In the case of Huntington’s disease, the message from the DNA has been tampered with, so we don’t want that message to get out. This is where the ASOs come in. The ASO is made to have a ‘matching’ string of bases to the messenger RNA, meaning that where the messenger RNA has a C, the ASO has a G – the C and G team up, as do all the other base pairs, and the ASO sticks to the messenger RNA. The ASO being stuck to the messenger RNA means that it can’t have its (incorrect) message read, therefore no faulty protein can be made.
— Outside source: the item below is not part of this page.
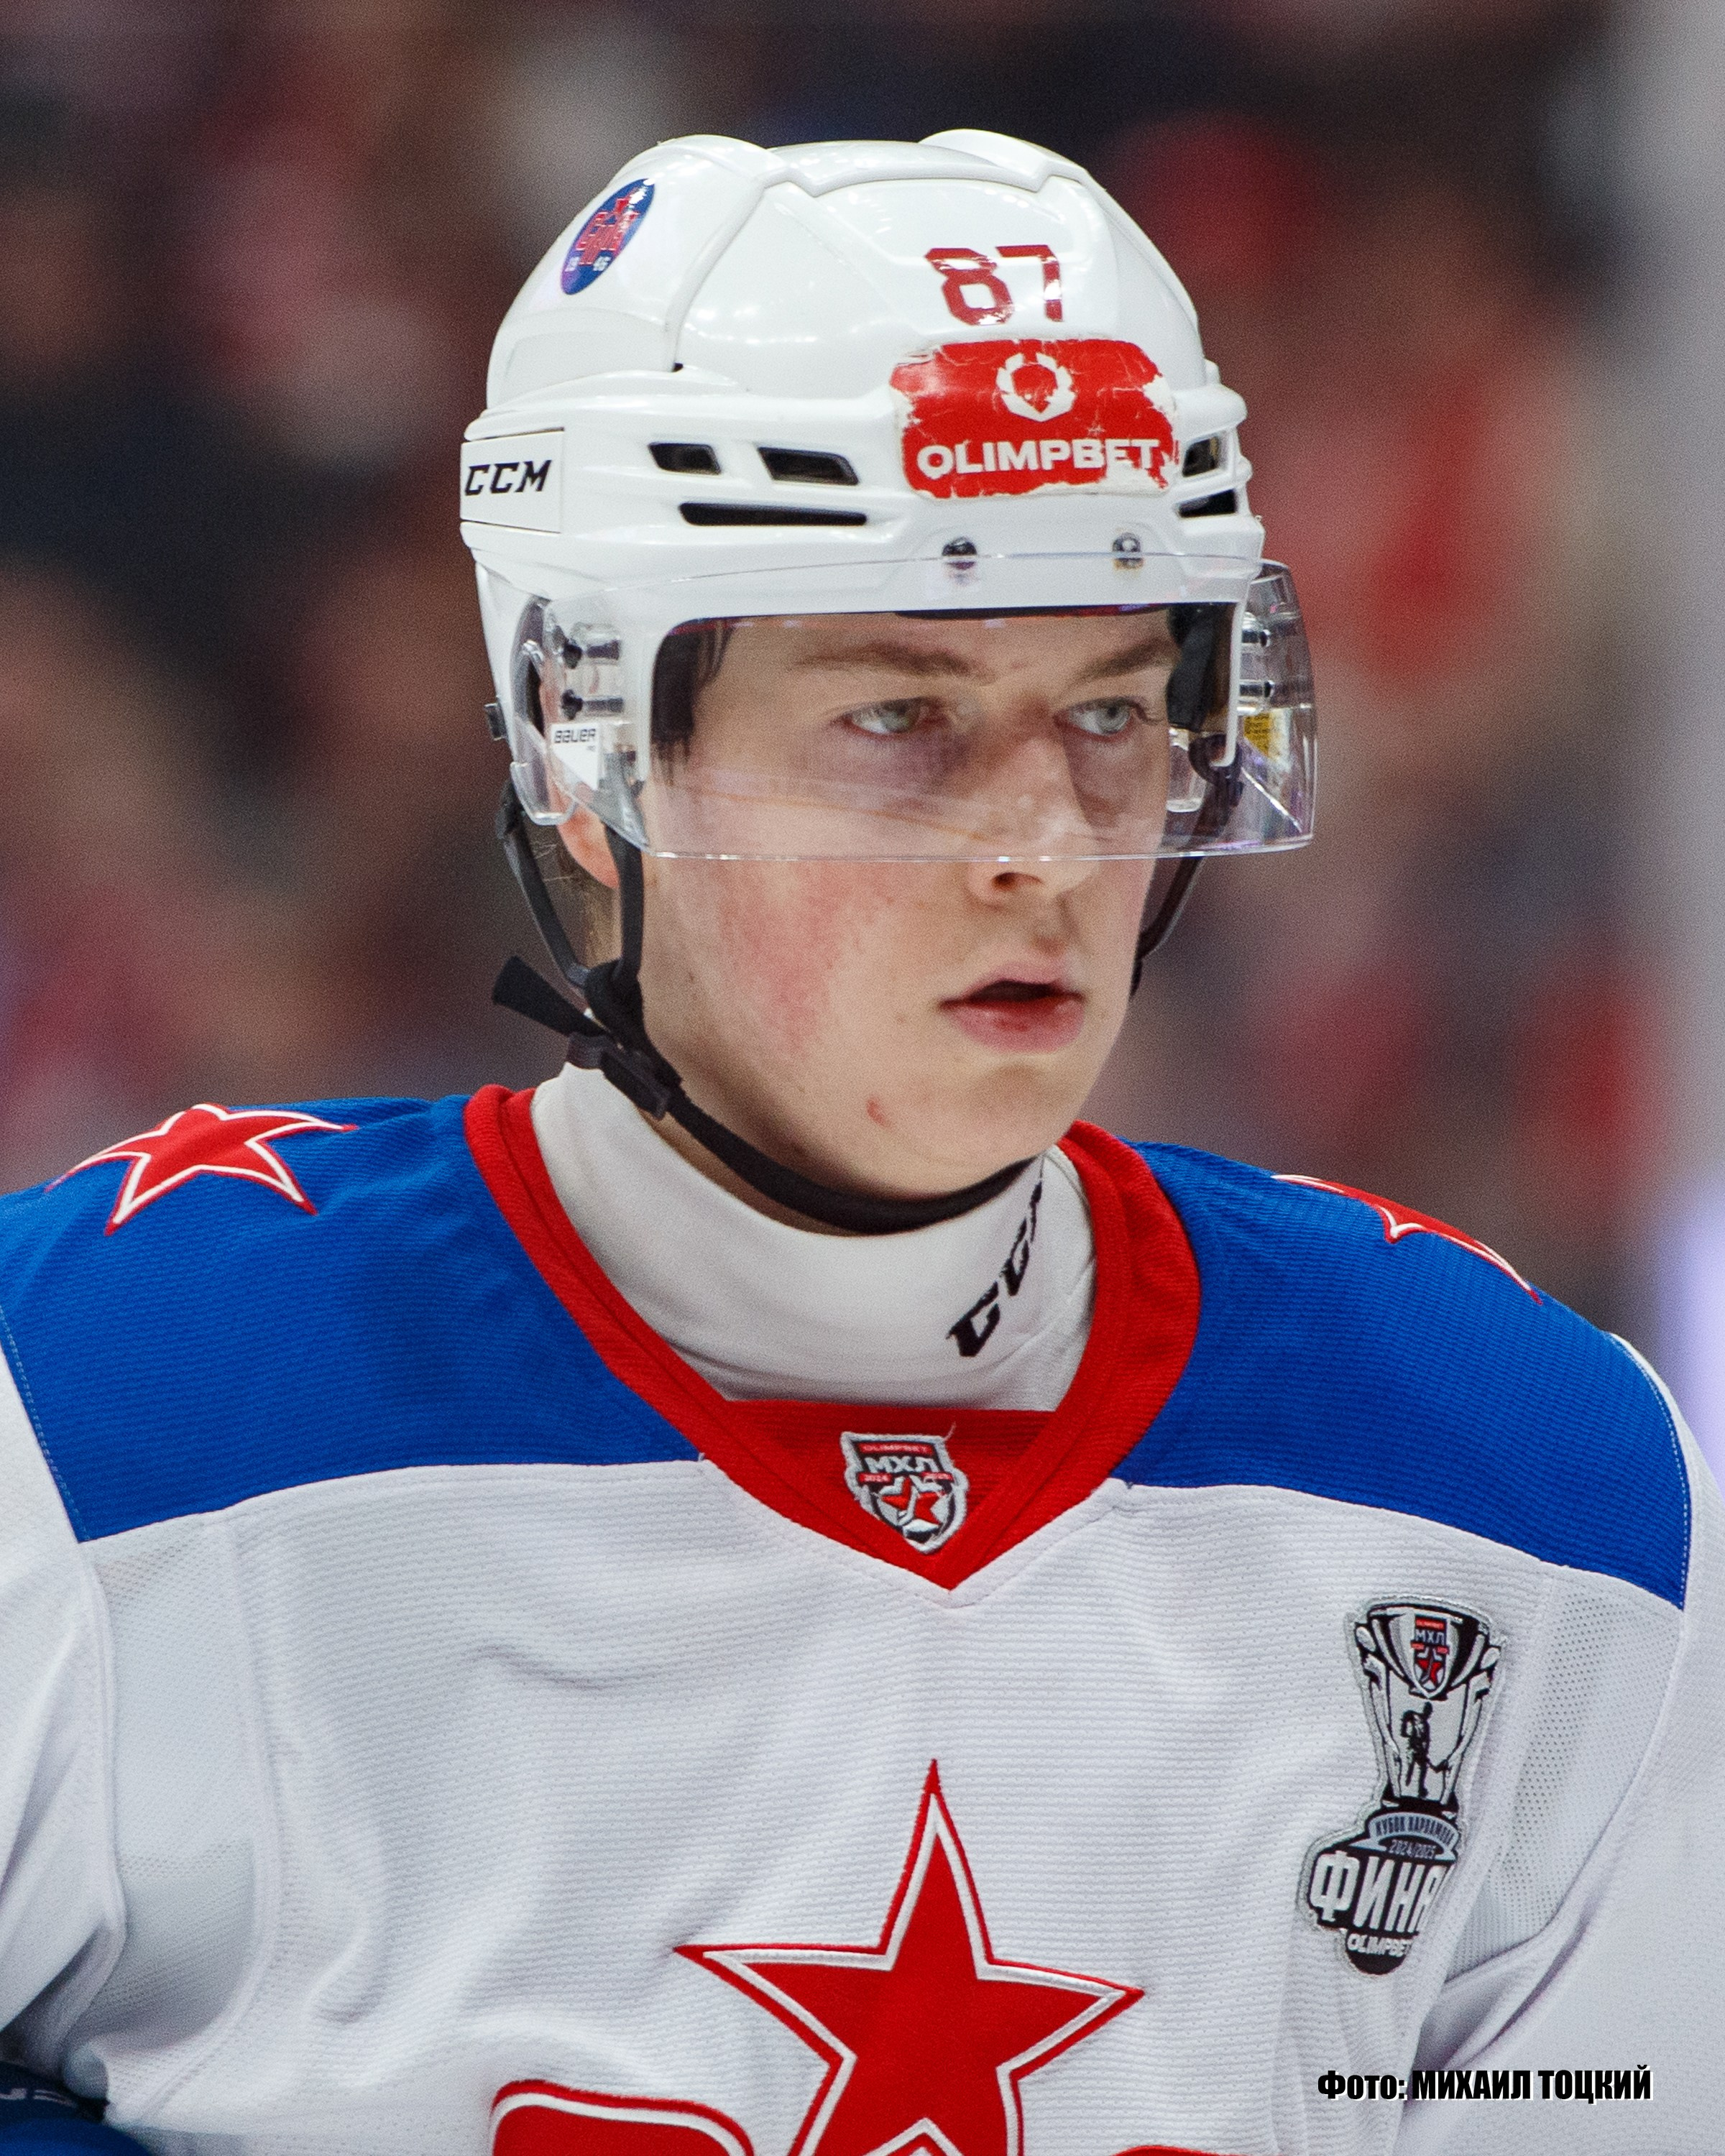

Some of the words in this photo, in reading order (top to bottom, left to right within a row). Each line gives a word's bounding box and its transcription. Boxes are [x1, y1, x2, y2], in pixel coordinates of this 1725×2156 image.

ASO - Antisense Oligonucleotide - small pieces of DNA or RNA that can stick to RNA and stop the message getting out (i.e. stop translation)
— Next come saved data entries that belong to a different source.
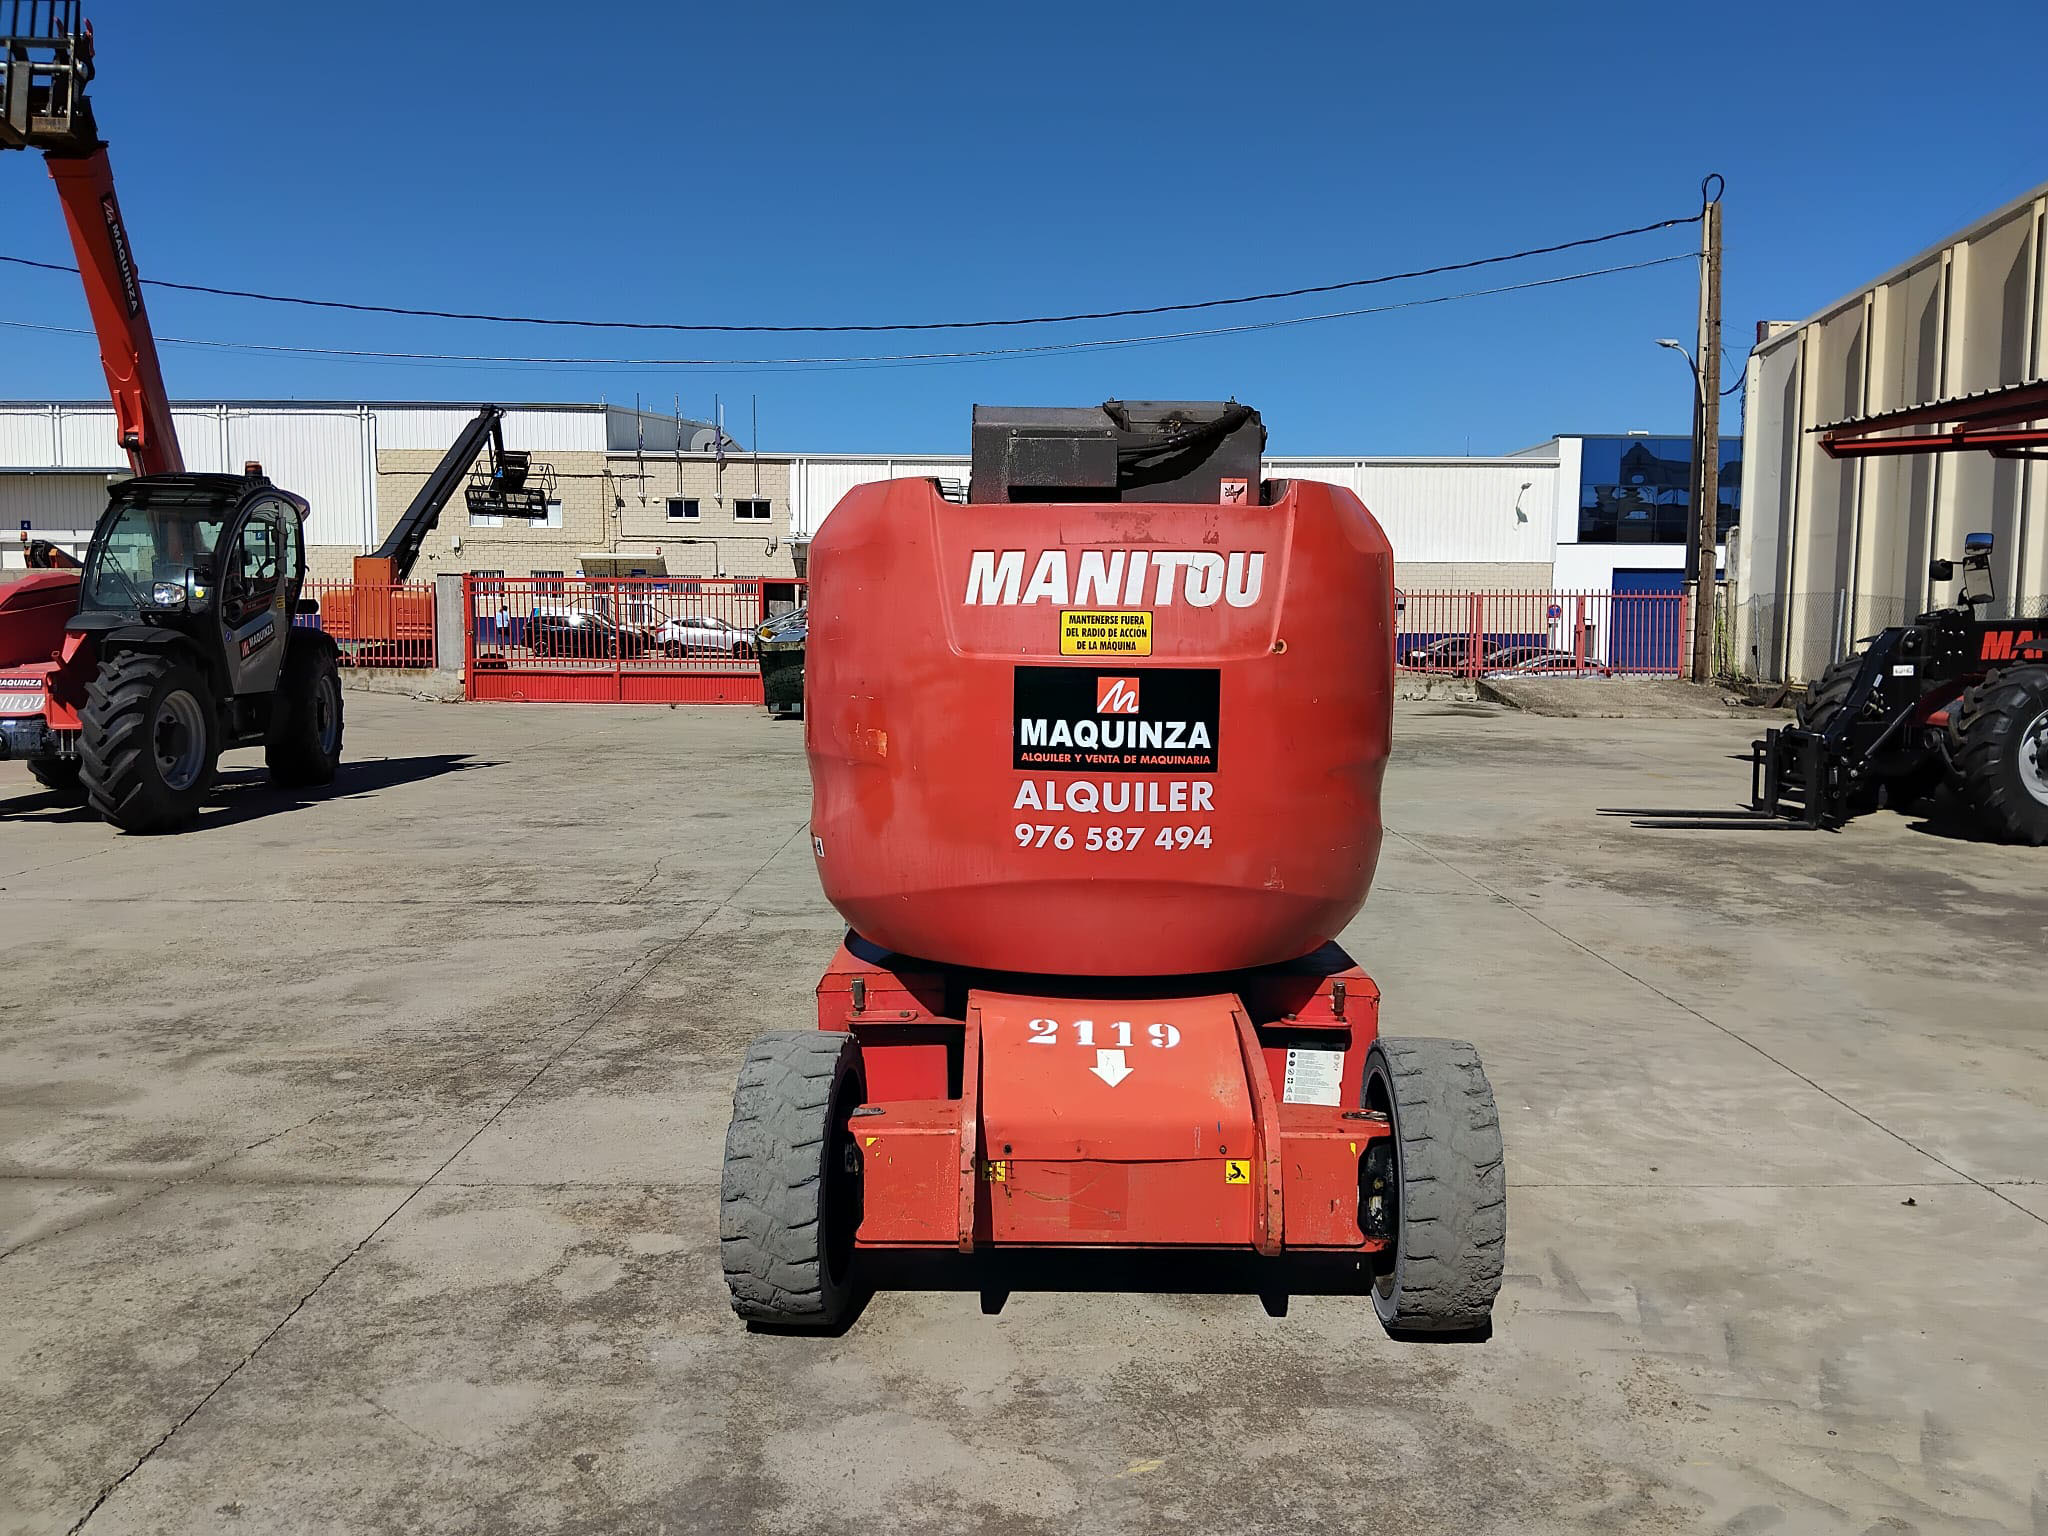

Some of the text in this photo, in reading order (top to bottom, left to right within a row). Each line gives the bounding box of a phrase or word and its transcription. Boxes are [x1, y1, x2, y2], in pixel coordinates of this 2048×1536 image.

[112, 223, 138, 312] MAQUINZA
[963, 549, 1266, 608] MANITOU
[1066, 626, 1147, 638] DEL RADIO DE ACCIÓN
[1069, 615, 1145, 625] MANTENERSE FUERA
[1077, 638, 1137, 651] DE LA MÁQUINA
[0, 679, 42, 687] AQUINZA
[1020, 718, 1212, 750] MAQUINZA
[1021, 752, 1211, 765] ALQUILER Y VENTA DE MAQUINARIA
[1013, 780, 1215, 814] ALQUILER
[1014, 823, 1213, 851] 976 587 494
[1027, 1018, 1181, 1048] 2119
Bases - DNA bases, base pairs - A ‘unit’ of DNA, the bases are like the words in an instruction manual, and when read all together you get the ‘instructions for life’
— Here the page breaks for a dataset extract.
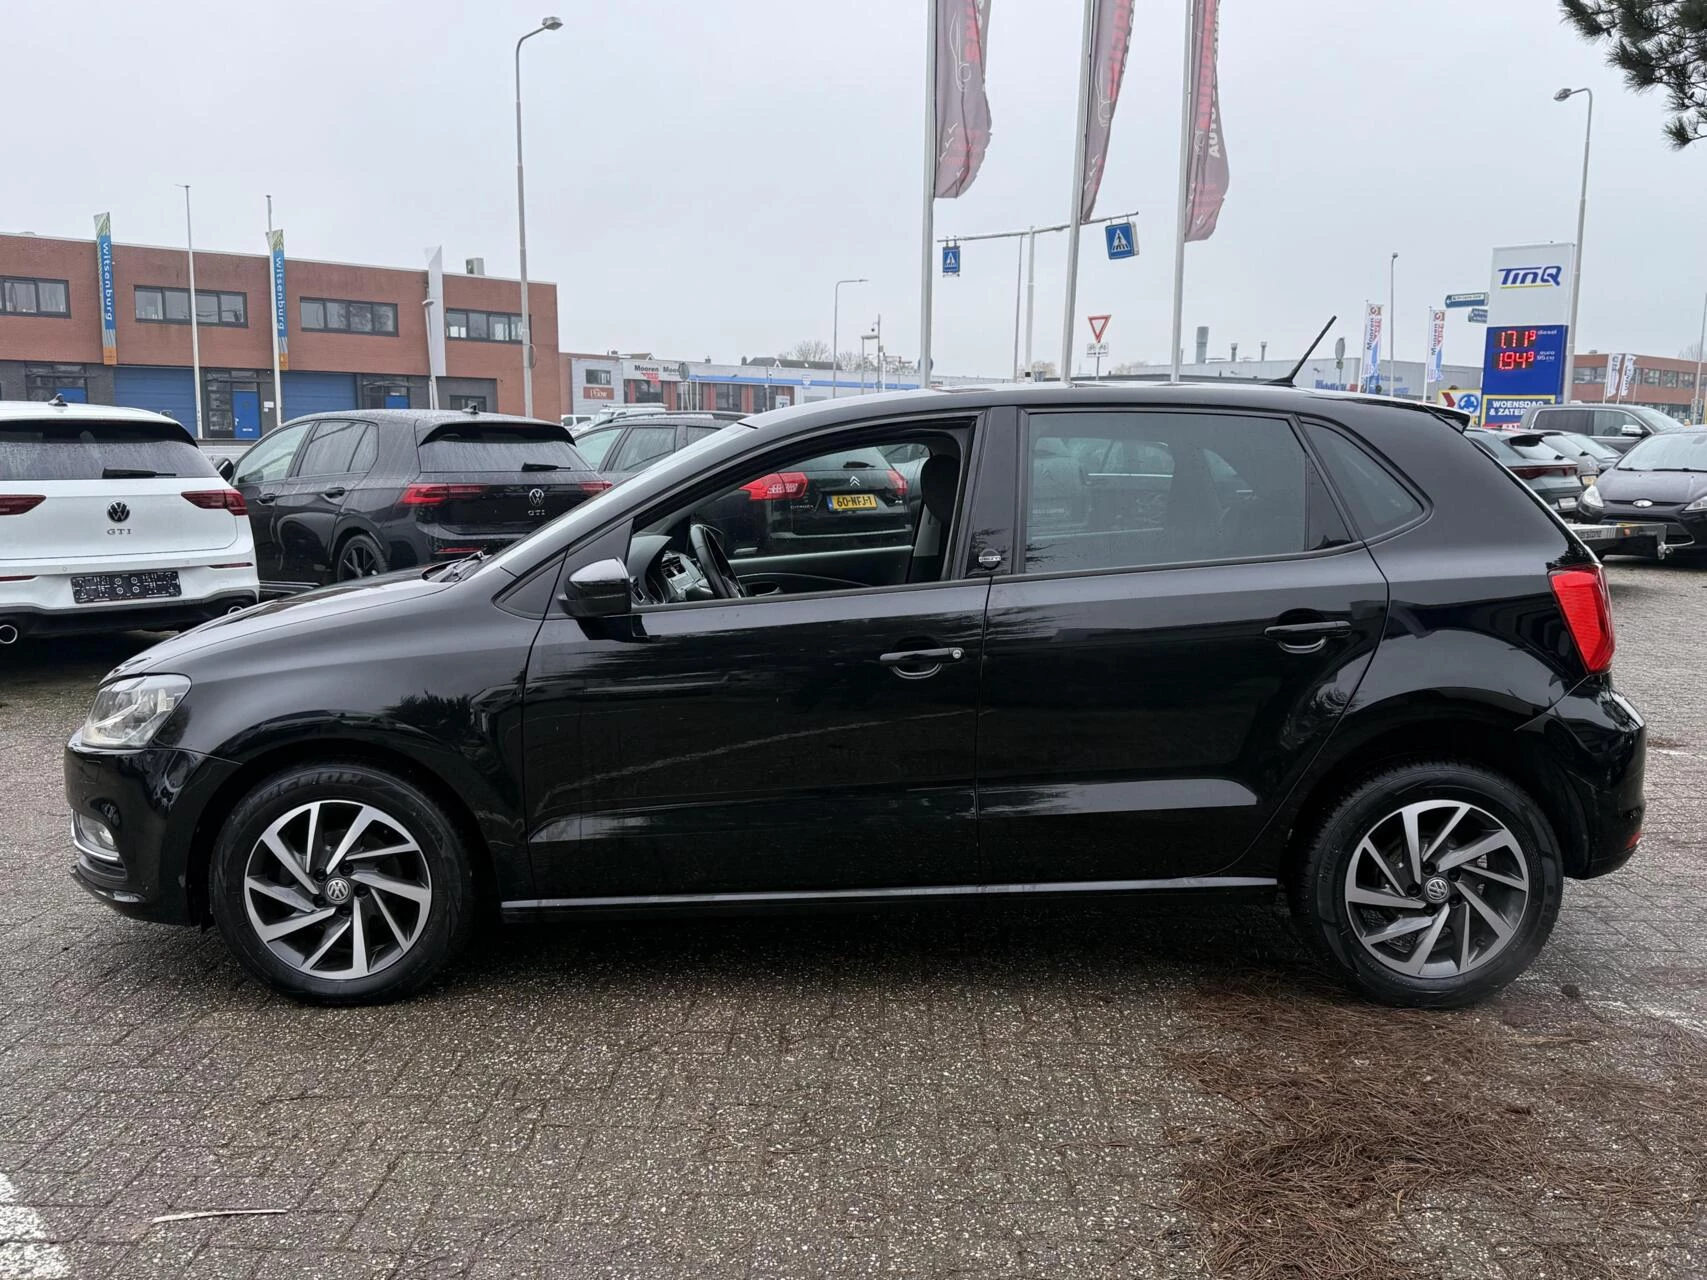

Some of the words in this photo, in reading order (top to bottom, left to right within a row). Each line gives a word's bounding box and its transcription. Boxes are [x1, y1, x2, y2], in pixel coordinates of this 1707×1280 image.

[102, 242, 113, 321] witsenburg
[275, 257, 285, 330] witsenburg
[1489, 408, 1496, 416] &
[836, 495, 873, 508] 60-NFJ-1
DNA - Deoxyribonucleic acid - Our genes, holds the recipes for proteins, has two strands
Genentech - Biotechnology company
Protein - molecules that make up the structure and function of all cells in our bodies
Roche - Pharmaceutical company, parent company to Genentech
RNA - Ribonucleic acid - A copy of DNA, has only one strand, sends DNAs message to other parts of the cell
mRNA - messenger RNA -
Transcription - the first step in the process of gene expression, when the DNA is copied into RNA
Translation - the second step in the process of gene expression, when the RNA message is read and a protein is made
Currently, the RG6042 drug has passed preliminary scientific testing and is now into rigorous clinical testing. The clinical tests are divided into phases. Below is a summary of the different phases of clinical testing which any new drug needs to undergo to be licenced for use on patients as a treatment :
• Pre-clinical: testing the drug/intervention in animal models of the disease – show that it is safe and effective
• Phase 1: Tested on a small group of healthy volunteers. Testing safety in humans and tolerated dose range
• Phase 2: Drug tested in patients. Further safety and efficacy trials. Determine best dose and regimen for Phase 3. Ideal outcome: drug may be safe and effective in small number of patients
• Note: sometimes the Phase 1 and Phase 2 trials are combined – like in the case of HTTrx, the first trial in humans was a Phase1/2 trial.
• Phase 3: Test drug in larger group of patients. Often worldwide. Goal – confirm evidence from Phase 2 that drug may be safe and effective. With large number of patients, can assess frequency and severity of side effects. More data about benefits, dose, regimen. Data from Phase 3 used to apply for approval to release the drug to the market.
• To Patients/Phase 4: continued safety and efficacy monitoring when the drug is on the market and being used more widely (assess long term risks and rare side effects).